START Task data
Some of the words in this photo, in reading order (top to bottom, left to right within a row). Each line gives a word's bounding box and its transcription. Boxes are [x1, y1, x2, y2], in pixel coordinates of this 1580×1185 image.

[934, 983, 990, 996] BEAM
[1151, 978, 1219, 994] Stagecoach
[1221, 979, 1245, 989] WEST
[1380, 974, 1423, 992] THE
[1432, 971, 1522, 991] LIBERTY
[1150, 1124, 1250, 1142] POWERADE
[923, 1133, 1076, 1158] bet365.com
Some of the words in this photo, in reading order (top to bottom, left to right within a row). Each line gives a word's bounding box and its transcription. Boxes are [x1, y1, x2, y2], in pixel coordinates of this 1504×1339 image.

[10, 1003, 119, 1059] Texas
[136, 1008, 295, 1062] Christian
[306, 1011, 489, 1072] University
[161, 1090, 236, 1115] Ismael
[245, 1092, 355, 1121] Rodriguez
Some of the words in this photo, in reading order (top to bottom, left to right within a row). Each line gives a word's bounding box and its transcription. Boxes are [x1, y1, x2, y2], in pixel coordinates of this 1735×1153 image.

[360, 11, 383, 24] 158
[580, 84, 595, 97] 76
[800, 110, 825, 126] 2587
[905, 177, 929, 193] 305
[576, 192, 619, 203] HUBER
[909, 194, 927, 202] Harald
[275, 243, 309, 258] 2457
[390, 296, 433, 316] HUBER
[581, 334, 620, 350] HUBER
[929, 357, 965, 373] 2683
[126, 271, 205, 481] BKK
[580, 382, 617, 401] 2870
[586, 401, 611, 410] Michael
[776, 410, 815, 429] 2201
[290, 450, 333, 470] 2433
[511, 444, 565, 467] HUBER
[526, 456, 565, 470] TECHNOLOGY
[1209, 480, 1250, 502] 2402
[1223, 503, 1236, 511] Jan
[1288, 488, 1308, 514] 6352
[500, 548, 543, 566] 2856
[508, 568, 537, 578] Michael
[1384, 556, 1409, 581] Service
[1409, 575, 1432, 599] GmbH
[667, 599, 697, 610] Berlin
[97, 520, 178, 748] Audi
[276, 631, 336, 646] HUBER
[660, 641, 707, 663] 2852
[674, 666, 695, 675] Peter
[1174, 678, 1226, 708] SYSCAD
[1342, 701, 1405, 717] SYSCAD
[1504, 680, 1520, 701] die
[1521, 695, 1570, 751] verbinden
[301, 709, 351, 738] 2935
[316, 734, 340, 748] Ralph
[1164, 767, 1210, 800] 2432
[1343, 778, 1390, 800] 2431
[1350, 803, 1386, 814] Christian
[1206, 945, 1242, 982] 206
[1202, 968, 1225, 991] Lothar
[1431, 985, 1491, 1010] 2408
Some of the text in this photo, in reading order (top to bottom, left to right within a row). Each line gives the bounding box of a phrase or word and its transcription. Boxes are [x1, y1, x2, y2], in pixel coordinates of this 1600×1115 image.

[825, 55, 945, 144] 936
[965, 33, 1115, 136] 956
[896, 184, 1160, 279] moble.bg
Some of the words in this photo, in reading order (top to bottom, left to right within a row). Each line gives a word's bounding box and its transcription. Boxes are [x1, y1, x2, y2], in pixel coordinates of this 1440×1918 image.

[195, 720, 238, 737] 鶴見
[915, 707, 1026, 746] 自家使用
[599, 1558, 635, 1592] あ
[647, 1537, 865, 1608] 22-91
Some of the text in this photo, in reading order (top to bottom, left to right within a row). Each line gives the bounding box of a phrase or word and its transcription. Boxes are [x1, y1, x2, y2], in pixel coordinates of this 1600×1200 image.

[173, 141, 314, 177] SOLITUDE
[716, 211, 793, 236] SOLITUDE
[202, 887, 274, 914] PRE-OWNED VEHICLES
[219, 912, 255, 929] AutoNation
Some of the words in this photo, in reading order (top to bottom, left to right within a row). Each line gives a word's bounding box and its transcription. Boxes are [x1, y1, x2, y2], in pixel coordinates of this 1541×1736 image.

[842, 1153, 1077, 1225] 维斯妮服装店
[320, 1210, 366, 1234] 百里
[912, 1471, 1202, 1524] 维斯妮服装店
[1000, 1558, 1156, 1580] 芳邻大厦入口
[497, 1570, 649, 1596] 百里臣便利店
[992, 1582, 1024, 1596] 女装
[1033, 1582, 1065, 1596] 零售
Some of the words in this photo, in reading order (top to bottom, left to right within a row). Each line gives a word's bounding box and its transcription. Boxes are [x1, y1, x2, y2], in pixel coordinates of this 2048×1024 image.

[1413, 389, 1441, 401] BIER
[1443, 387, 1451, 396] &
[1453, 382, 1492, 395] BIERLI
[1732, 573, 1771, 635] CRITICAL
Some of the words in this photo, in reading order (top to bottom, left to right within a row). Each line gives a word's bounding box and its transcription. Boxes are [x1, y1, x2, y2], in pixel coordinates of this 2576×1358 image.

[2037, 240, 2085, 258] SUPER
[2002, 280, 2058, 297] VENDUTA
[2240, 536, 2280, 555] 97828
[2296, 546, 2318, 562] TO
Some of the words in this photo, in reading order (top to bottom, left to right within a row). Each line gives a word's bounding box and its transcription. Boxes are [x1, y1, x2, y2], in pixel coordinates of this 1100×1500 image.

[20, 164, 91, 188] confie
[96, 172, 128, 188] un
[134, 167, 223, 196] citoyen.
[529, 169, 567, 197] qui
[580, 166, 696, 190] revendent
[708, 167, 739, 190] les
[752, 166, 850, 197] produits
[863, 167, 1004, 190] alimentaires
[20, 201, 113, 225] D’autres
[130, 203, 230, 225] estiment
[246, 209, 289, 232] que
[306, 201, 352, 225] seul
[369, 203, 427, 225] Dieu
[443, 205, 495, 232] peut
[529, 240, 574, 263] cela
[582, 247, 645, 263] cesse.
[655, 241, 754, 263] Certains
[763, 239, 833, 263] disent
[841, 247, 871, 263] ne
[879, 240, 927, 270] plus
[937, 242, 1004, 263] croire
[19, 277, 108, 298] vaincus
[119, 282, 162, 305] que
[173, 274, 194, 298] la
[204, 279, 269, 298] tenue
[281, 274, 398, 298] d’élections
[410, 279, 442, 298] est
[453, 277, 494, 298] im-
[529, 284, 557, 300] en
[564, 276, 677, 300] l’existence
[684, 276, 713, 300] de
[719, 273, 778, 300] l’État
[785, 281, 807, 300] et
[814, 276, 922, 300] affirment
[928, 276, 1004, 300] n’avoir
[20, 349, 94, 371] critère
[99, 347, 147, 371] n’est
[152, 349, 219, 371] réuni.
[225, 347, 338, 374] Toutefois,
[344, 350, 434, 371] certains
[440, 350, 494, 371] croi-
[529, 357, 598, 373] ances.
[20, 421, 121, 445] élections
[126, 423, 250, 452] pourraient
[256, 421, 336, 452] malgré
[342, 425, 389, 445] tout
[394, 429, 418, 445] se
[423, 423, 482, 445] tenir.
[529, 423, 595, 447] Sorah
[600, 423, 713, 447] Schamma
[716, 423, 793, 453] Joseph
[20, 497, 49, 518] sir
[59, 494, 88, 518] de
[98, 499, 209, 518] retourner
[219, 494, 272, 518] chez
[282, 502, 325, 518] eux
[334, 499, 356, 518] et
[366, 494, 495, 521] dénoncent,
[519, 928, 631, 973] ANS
END Task data
◆ Goal of the exercise
Write the data from above out again, exactly.

◆ Response to this task
Some of the words in this photo, in reading order (top to bottom, left to right within a row). Each line gives a word's bounding box and its transcription. Boxes are [x1, y1, x2, y2], in pixel coordinates of this 1580×1185 image.

[934, 983, 990, 996] BEAM
[1151, 978, 1219, 994] Stagecoach
[1221, 979, 1245, 989] WEST
[1380, 974, 1423, 992] THE
[1432, 971, 1522, 991] LIBERTY
[1150, 1124, 1250, 1142] POWERADE
[923, 1133, 1076, 1158] bet365.com
Some of the words in this photo, in reading order (top to bottom, left to right within a row). Each line gives a word's bounding box and its transcription. Boxes are [x1, y1, x2, y2], in pixel coordinates of this 1504×1339 image.

[10, 1003, 119, 1059] Texas
[136, 1008, 295, 1062] Christian
[306, 1011, 489, 1072] University
[161, 1090, 236, 1115] Ismael
[245, 1092, 355, 1121] Rodriguez
Some of the words in this photo, in reading order (top to bottom, left to right within a row). Each line gives a word's bounding box and its transcription. Boxes are [x1, y1, x2, y2], in pixel coordinates of this 1735×1153 image.

[360, 11, 383, 24] 158
[580, 84, 595, 97] 76
[800, 110, 825, 126] 2587
[905, 177, 929, 193] 305
[576, 192, 619, 203] HUBER
[909, 194, 927, 202] Harald
[275, 243, 309, 258] 2457
[390, 296, 433, 316] HUBER
[581, 334, 620, 350] HUBER
[929, 357, 965, 373] 2683
[126, 271, 205, 481] BKK
[580, 382, 617, 401] 2870
[586, 401, 611, 410] Michael
[776, 410, 815, 429] 2201
[290, 450, 333, 470] 2433
[511, 444, 565, 467] HUBER
[526, 456, 565, 470] TECHNOLOGY
[1209, 480, 1250, 502] 2402
[1223, 503, 1236, 511] Jan
[1288, 488, 1308, 514] 6352
[500, 548, 543, 566] 2856
[508, 568, 537, 578] Michael
[1384, 556, 1409, 581] Service
[1409, 575, 1432, 599] GmbH
[667, 599, 697, 610] Berlin
[97, 520, 178, 748] Audi
[276, 631, 336, 646] HUBER
[660, 641, 707, 663] 2852
[674, 666, 695, 675] Peter
[1174, 678, 1226, 708] SYSCAD
[1342, 701, 1405, 717] SYSCAD
[1504, 680, 1520, 701] die
[1521, 695, 1570, 751] verbinden
[301, 709, 351, 738] 2935
[316, 734, 340, 748] Ralph
[1164, 767, 1210, 800] 2432
[1343, 778, 1390, 800] 2431
[1350, 803, 1386, 814] Christian
[1206, 945, 1242, 982] 206
[1202, 968, 1225, 991] Lothar
[1431, 985, 1491, 1010] 2408
Some of the text in this photo, in reading order (top to bottom, left to right within a row). Each line gives the bounding box of a phrase or word and its transcription. Boxes are [x1, y1, x2, y2], in pixel coordinates of this 1600×1115 image.

[825, 55, 945, 144] 936
[965, 33, 1115, 136] 956
[896, 184, 1160, 279] moble.bg
Some of the words in this photo, in reading order (top to bottom, left to right within a row). Each line gives a word's bounding box and its transcription. Boxes are [x1, y1, x2, y2], in pixel coordinates of this 1440×1918 image.

[195, 720, 238, 737] 鶴見
[915, 707, 1026, 746] 自家使用
[599, 1558, 635, 1592] あ
[647, 1537, 865, 1608] 22-91
Some of the text in this photo, in reading order (top to bottom, left to right within a row). Each line gives the bounding box of a phrase or word and its transcription. Boxes are [x1, y1, x2, y2], in pixel coordinates of this 1600×1200 image.

[173, 141, 314, 177] SOLITUDE
[716, 211, 793, 236] SOLITUDE
[202, 887, 274, 914] PRE-OWNED VEHICLES
[219, 912, 255, 929] AutoNation
Some of the words in this photo, in reading order (top to bottom, left to right within a row). Each line gives a word's bounding box and its transcription. Boxes are [x1, y1, x2, y2], in pixel coordinates of this 1541×1736 image.

[842, 1153, 1077, 1225] 维斯妮服装店
[320, 1210, 366, 1234] 百里
[912, 1471, 1202, 1524] 维斯妮服装店
[1000, 1558, 1156, 1580] 芳邻大厦入口
[497, 1570, 649, 1596] 百里臣便利店
[992, 1582, 1024, 1596] 女装
[1033, 1582, 1065, 1596] 零售
Some of the words in this photo, in reading order (top to bottom, left to right within a row). Each line gives a word's bounding box and its transcription. Boxes are [x1, y1, x2, y2], in pixel coordinates of this 2048×1024 image.

[1413, 389, 1441, 401] BIER
[1443, 387, 1451, 396] &
[1453, 382, 1492, 395] BIERLI
[1732, 573, 1771, 635] CRITICAL
Some of the words in this photo, in reading order (top to bottom, left to right within a row). Each line gives a word's bounding box and its transcription. Boxes are [x1, y1, x2, y2], in pixel coordinates of this 2576×1358 image.

[2037, 240, 2085, 258] SUPER
[2002, 280, 2058, 297] VENDUTA
[2240, 536, 2280, 555] 97828
[2296, 546, 2318, 562] TO
Some of the words in this photo, in reading order (top to bottom, left to right within a row). Each line gives a word's bounding box and its transcription. Boxes are [x1, y1, x2, y2], in pixel coordinates of this 1100×1500 image.

[20, 164, 91, 188] confie
[96, 172, 128, 188] un
[134, 167, 223, 196] citoyen.
[529, 169, 567, 197] qui
[580, 166, 696, 190] revendent
[708, 167, 739, 190] les
[752, 166, 850, 197] produits
[863, 167, 1004, 190] alimentaires
[20, 201, 113, 225] D’autres
[130, 203, 230, 225] estiment
[246, 209, 289, 232] que
[306, 201, 352, 225] seul
[369, 203, 427, 225] Dieu
[443, 205, 495, 232] peut
[529, 240, 574, 263] cela
[582, 247, 645, 263] cesse.
[655, 241, 754, 263] Certains
[763, 239, 833, 263] disent
[841, 247, 871, 263] ne
[879, 240, 927, 270] plus
[937, 242, 1004, 263] croire
[19, 277, 108, 298] vaincus
[119, 282, 162, 305] que
[173, 274, 194, 298] la
[204, 279, 269, 298] tenue
[281, 274, 398, 298] d’élections
[410, 279, 442, 298] est
[453, 277, 494, 298] im-
[529, 284, 557, 300] en
[564, 276, 677, 300] l’existence
[684, 276, 713, 300] de
[719, 273, 778, 300] l’État
[785, 281, 807, 300] et
[814, 276, 922, 300] affirment
[928, 276, 1004, 300] n’avoir
[20, 349, 94, 371] critère
[99, 347, 147, 371] n’est
[152, 349, 219, 371] réuni.
[225, 347, 338, 374] Toutefois,
[344, 350, 434, 371] certains
[440, 350, 494, 371] croi-
[529, 357, 598, 373] ances.
[20, 421, 121, 445] élections
[126, 423, 250, 452] pourraient
[256, 421, 336, 452] malgré
[342, 425, 389, 445] tout
[394, 429, 418, 445] se
[423, 423, 482, 445] tenir.
[529, 423, 595, 447] Sorah
[600, 423, 713, 447] Schamma
[716, 423, 793, 453] Joseph
[20, 497, 49, 518] sir
[59, 494, 88, 518] de
[98, 499, 209, 518] retourner
[219, 494, 272, 518] chez
[282, 502, 325, 518] eux
[334, 499, 356, 518] et
[366, 494, 495, 521] dénoncent,
[519, 928, 631, 973] ANS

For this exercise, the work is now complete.